(Records drawn from a dataset)

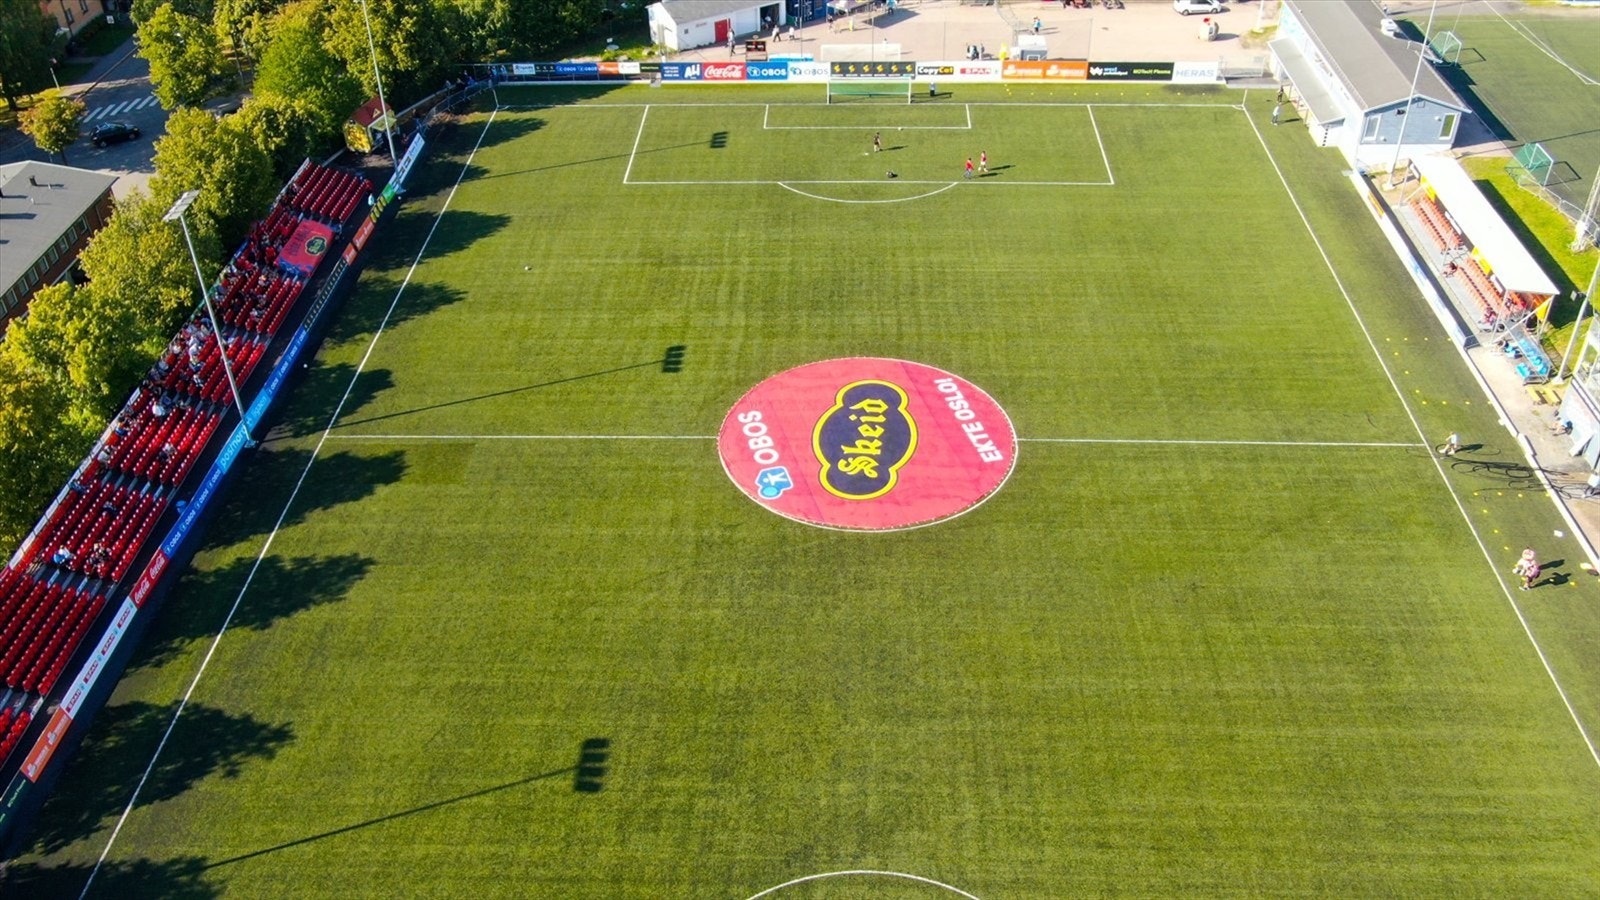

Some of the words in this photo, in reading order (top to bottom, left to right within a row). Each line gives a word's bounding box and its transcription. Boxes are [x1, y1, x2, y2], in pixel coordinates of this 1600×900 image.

[918, 66, 953, 75] CopyCat
[738, 410, 780, 464] OBOS
[838, 398, 888, 478] Skeid
[962, 422, 1003, 463] EKTE

THE TASK:
Copy all the entries word for word. Omit any pictures.

SOLUTION FOR THIS TASK:
Some of the words in this photo, in reading order (top to bottom, left to right within a row). Each line gives a word's bounding box and its transcription. Boxes are [x1, y1, x2, y2], in pixel coordinates of this 1600×900 image.

[918, 66, 953, 75] CopyCat
[738, 410, 780, 464] OBOS
[838, 398, 888, 478] Skeid
[962, 422, 1003, 463] EKTE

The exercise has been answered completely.